About the Book:
Prince Aleksander, would-be heir to the Austro-Hungarian throne, is on the run. His own people have turned on him. His title is worthless. All he has is a battletorn war machine and a loyal crew of men.
Deryn Sharp is a commoner, disguised as a boy in the British Air Service. She’s a brilliant airman. But her secret is in constant danger of being discovered.
With World War I brewing, Alek and Deryn’s paths cross in the most unexpected way…taking them on a fantastical, around-the-world adventure that will change both their lives forever.

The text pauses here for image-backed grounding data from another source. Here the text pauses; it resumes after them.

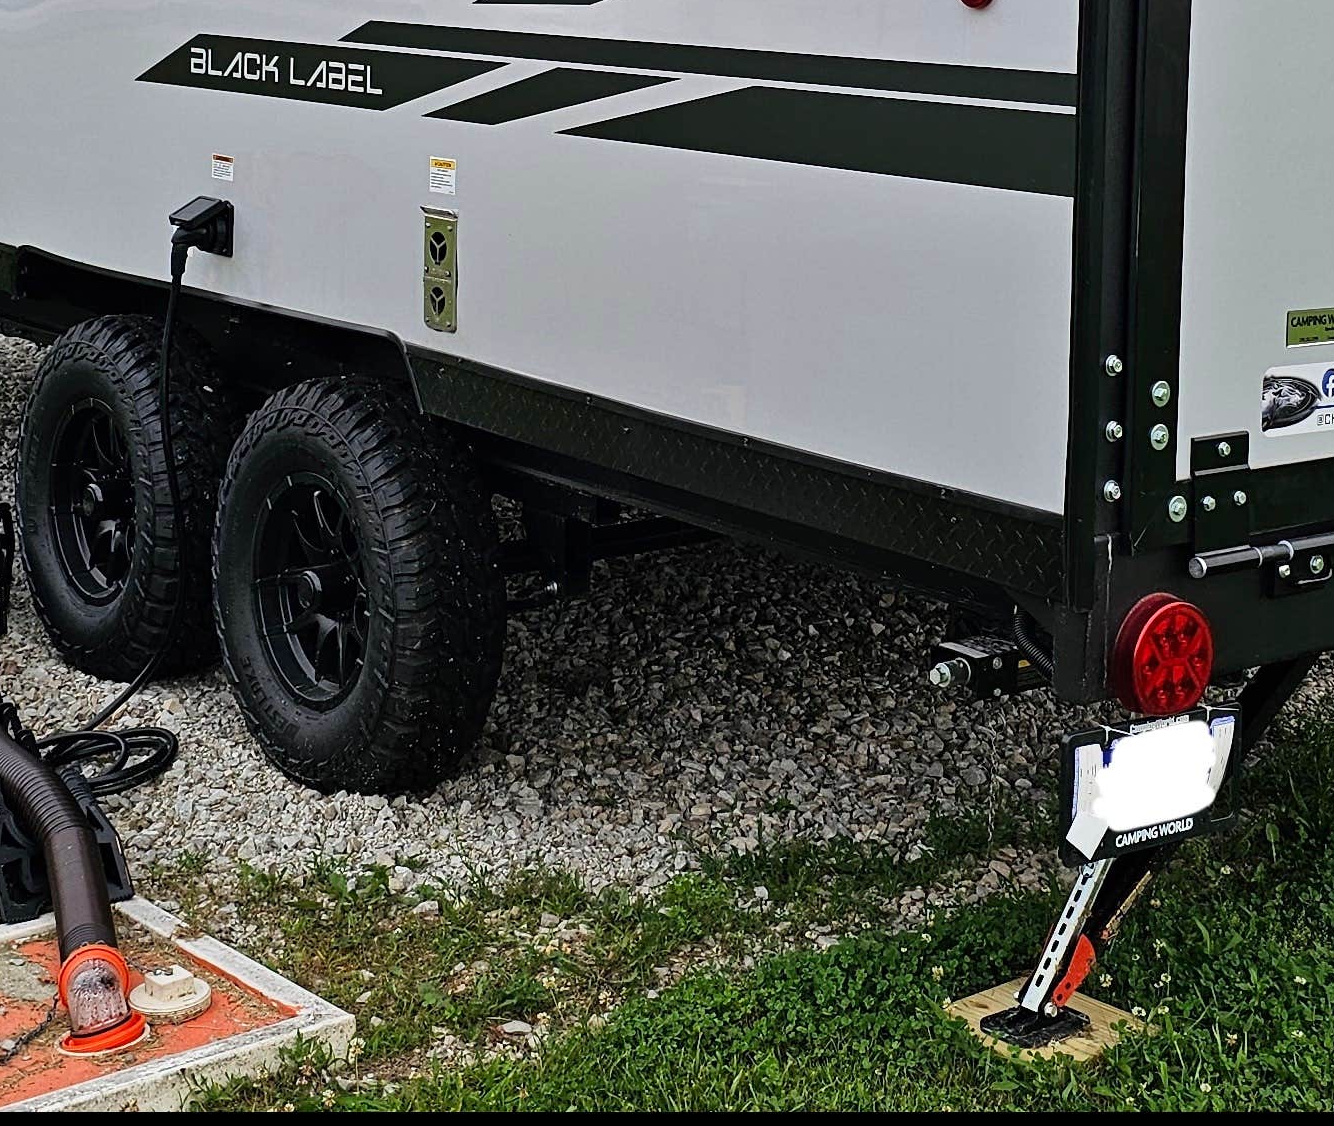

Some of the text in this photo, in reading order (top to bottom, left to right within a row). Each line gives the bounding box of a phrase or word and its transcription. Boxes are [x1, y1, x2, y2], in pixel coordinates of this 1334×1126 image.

[190, 47, 383, 95] BLACK LABEL
[1290, 314, 1327, 328] CAMPING
[1115, 817, 1194, 848] CAMPING WORLD
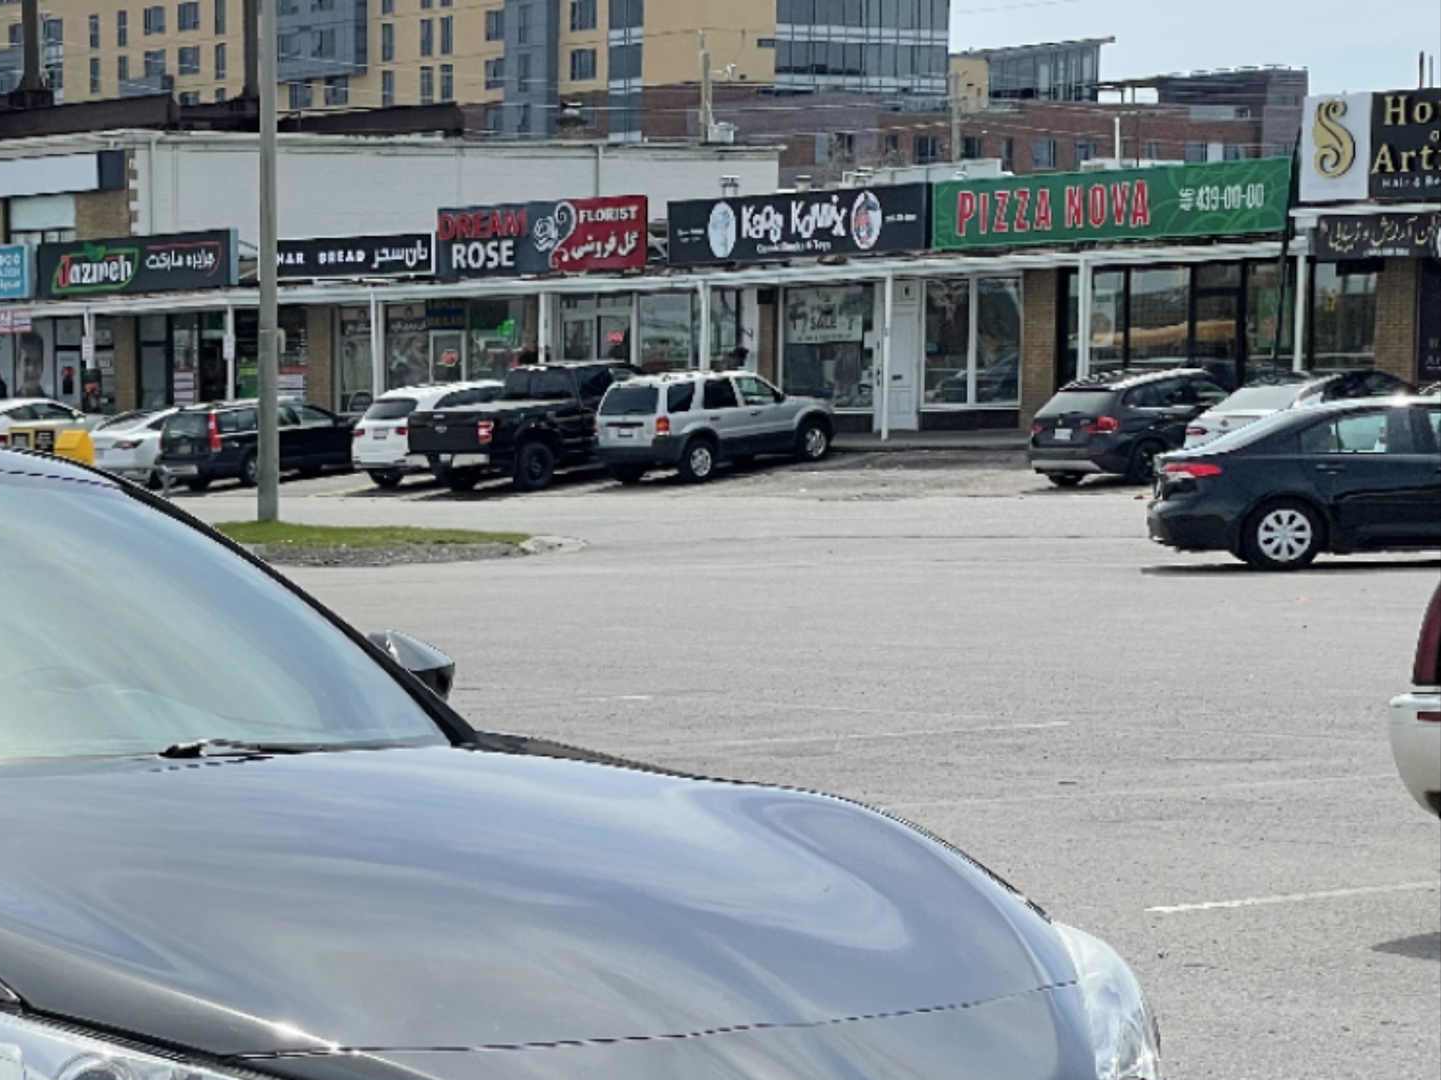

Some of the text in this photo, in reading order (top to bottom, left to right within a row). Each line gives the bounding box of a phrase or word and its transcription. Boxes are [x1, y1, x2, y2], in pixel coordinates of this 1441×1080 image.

[1384, 94, 1441, 126] Ho
[1370, 143, 1441, 175] Art
[579, 206, 639, 224] FLORIST
[955, 187, 1052, 237] PIZZA
[1064, 178, 1151, 229] NOVA
[438, 208, 528, 241] DREAM
[276, 249, 366, 265] HAR BREAD
[451, 240, 515, 270] ROSE
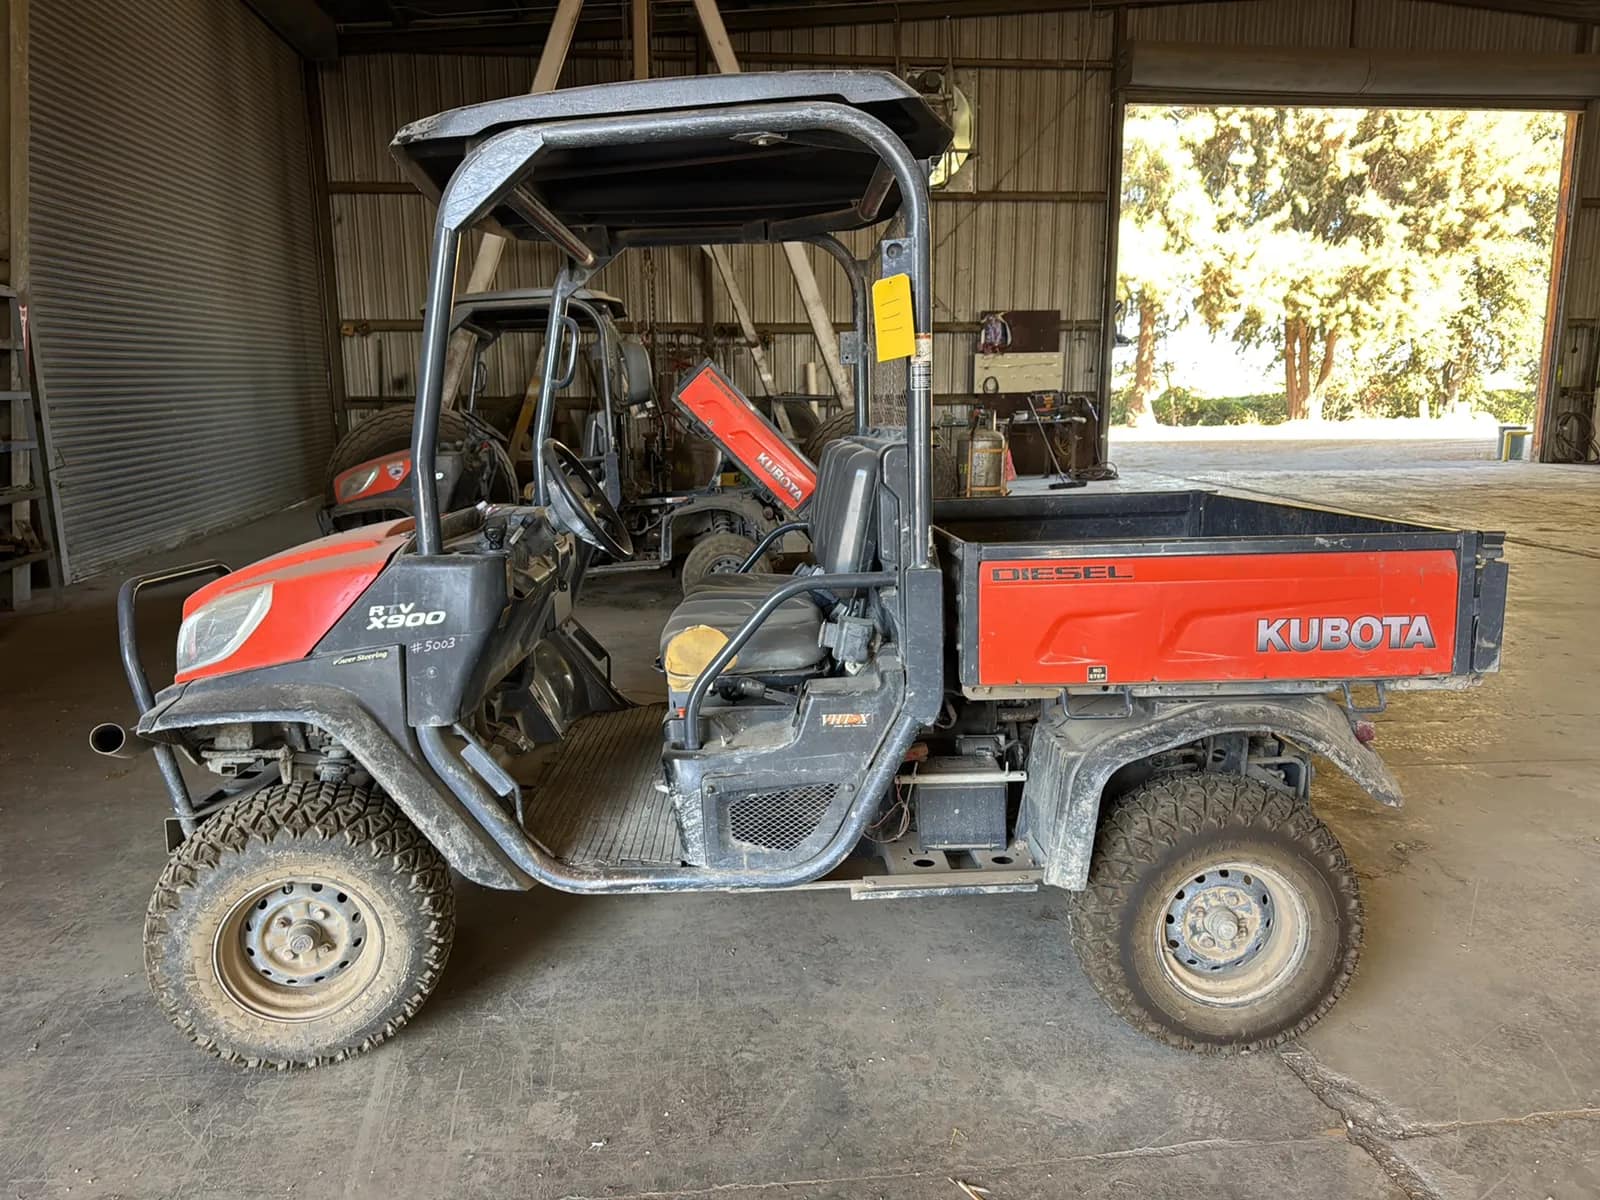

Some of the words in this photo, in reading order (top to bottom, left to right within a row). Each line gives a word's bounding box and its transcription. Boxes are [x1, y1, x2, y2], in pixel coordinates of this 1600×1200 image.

Leviathan is a book that has garnished a lot of attention from steampunk fans, and has also introduced plenty of readers to steampunk. It has a ton of fans and, because of all the hype; I was expecting to join those ranks. Unfortunately, while Leviathan was an enjoyable read it was what I consider a popcorn book. It’s an interesting tale, fun events, likeable characters but there really isn’t anything else here.
And, hey, that’s not necessarily a bad thing. Sometimes I just crave popcorn. Only I didn’t this time.
It’s the deftly drawn and believable world that is the saving grace of Leviathan. Westerfeld seamlessly merged aspects of real geography, history and culture with new steampunk ideas to create a world that was both relatable and understandable but tantalizingly unique. Even the steampunk aspects of this book take on a different flare. There aren’t any real steam powered air ships; instead there are Darwinist beasties, which are an interesting amalgamation of animals to serve a unique purpose. On the other side of the line are large walking machines complete with weapons.
Really, the world he created is nothing short of breathtaking.
Added to this are some amazing pictures that really help illuminate the story and add some visuals to concepts that might be harder for younger readers to understand and picture. The maps, cover and inside pictures really should be noted. They are incredibly done and are a great addition to the work as a whole. This book has, perhaps, my favorite map I’ve seen in a book. That really leads back to the incredible world building. Without such a vibrant, unique and incredibly created world these images wouldn’t exist – so one gives credence to the other.
While this book is marketed as Young Adult, I often felt that it was written for a younger audience. The two main perspectives, a boy and girl aged fifteen and sixteen are simply unbelievable. If they had been written as younger characters, perhaps twelve and thirteen I would have believed their ages. As it was, their actions and dialogue just didn’t back up the age they were presented at. However, they are very likeable characters and easy to care about, so all is not lost. Added to this were some really technical details that could, at times, seem at odds with the incredibly young characters and writing style. These details of machinery and the such were interesting, but I doubt young readers would fully understand them and, at times, they did seem to bog down the plot.
Leviathan, on the whole, is incredibly predictable in a feel-good, popcorn sort of way. The events are compelling, but it’s obvious where it will all end up. Westerfeld’s writing keeps it attention-grabbing and if the characters and dialogue is a bit too immature to be completely YA (in my opinion), his world really is the saving grace that keeps the book interesting and worth reading.
I know it sounds like I hated this book, and I really didn’t. The journey is fun, the events that take place are exciting and the world is amazing. I enjoyed this book for what it was – a fun diversion. Leviathan will easily appeal to younger readers and perhaps preteens who are on the cusp of full blown YA reads will find more in it to enjoy than I did.
However, if I look at all other aspects of the book, aside from the world, there isn’t much here. The adventure is predictable. The characters lack believability and depth. The dialogue can be, at times, stilted and uncomfortable. While I won’t continue on with the series, I can see how many people would absolutely love this book. It really is an enjoyable read for the proper audience and I already have encouraged younger (and less skeptical) readers to pick up this book.
If there is one thing I’ve learned about myself, it is that I generally don’t do well with books written for a young audience. Even most YA reads are hard for me to enjoy fully and this book seemed more preteen than teen in my mind, which was a huge struggle for me. While I gave it a shot, I’m not exactly surprised with my results. Hey, I don’t like Harry Potter, either and that series is a run-away hit – so don’t take this review as gospel truth.